**What to produce:**
Drop the pictures from the entries below, then reproduce the rest exactly.

BEGIN

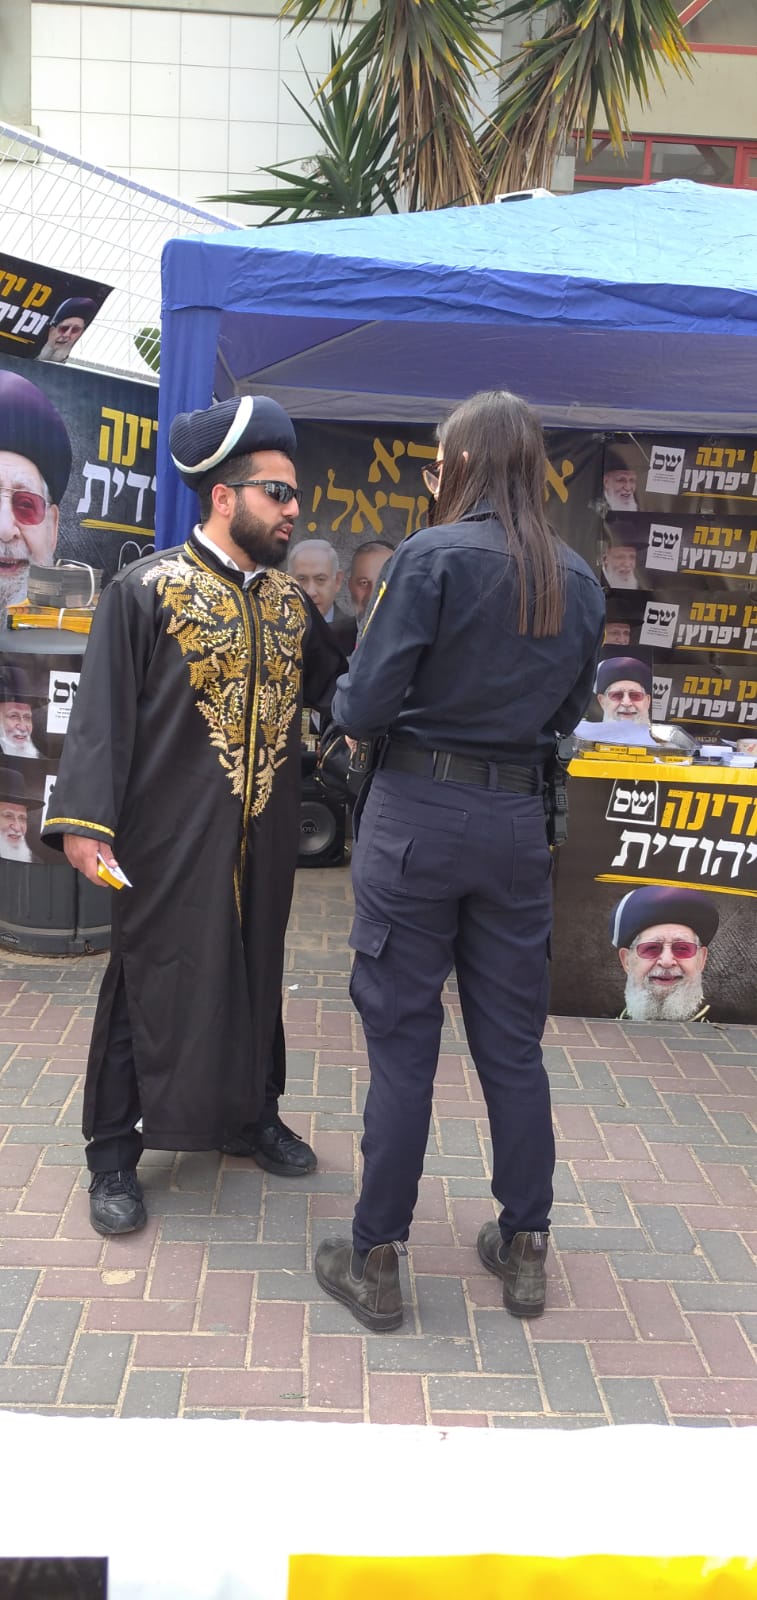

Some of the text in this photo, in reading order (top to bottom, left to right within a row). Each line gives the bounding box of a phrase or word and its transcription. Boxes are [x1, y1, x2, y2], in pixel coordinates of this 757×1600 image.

[22, 282, 52, 308] כן
[11, 308, 50, 336] וכן
[695, 446, 746, 468] ירבה
[682, 469, 750, 492] יפרוץ!
[692, 525, 743, 547] ירבה
[681, 547, 747, 570] יפרוץ!
[689, 602, 737, 622] ירבה
[676, 624, 741, 646] יפרוץ!
[682, 676, 732, 696] ירבה
[670, 697, 736, 718] יפרוץ!
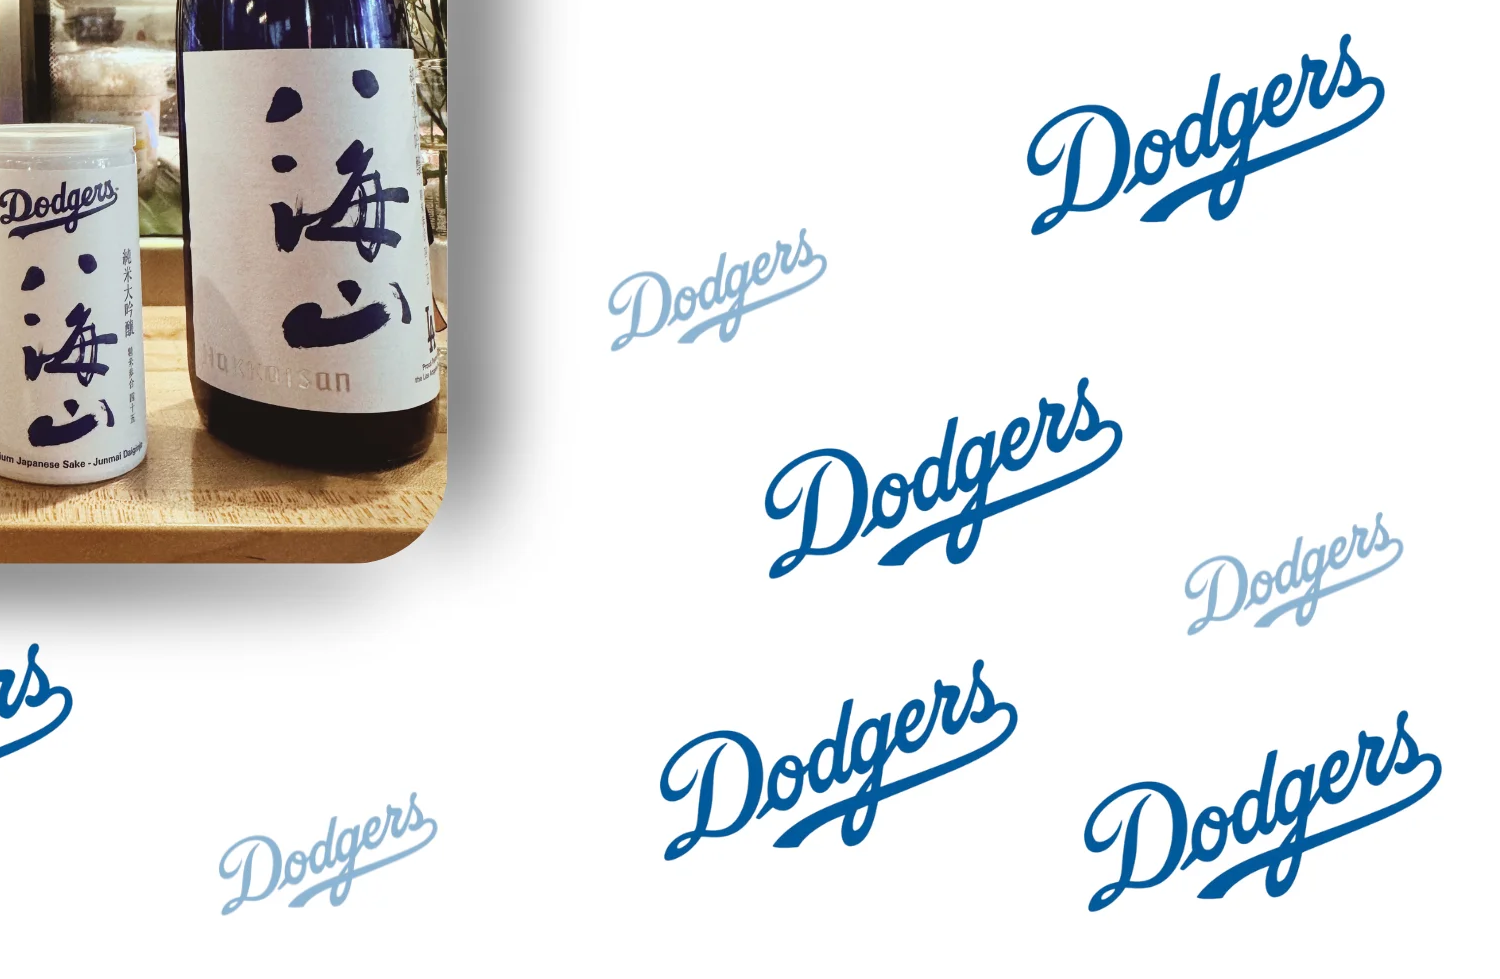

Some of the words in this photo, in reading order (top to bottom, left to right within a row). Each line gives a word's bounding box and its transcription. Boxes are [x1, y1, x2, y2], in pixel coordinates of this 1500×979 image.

END

**Result of the task:**
Some of the text in this photo, in reading order (top to bottom, left to right within a row). Each line gives the bounding box of a phrase or word and its transcription. Boxes are [x1, y1, x2, y2], in pixel coordinates of this 757×1600 image.

[22, 282, 52, 308] כן
[11, 308, 50, 336] וכן
[695, 446, 746, 468] ירבה
[682, 469, 750, 492] יפרוץ!
[692, 525, 743, 547] ירבה
[681, 547, 747, 570] יפרוץ!
[689, 602, 737, 622] ירבה
[676, 624, 741, 646] יפרוץ!
[682, 676, 732, 696] ירבה
[670, 697, 736, 718] יפרוץ!

Some of the words in this photo, in reading order (top to bottom, left to right within a row). Each line gives a word's bounding box and its transcription. Boxes are [x1, y1, x2, y2], in pixel coordinates of this 1500×979 image.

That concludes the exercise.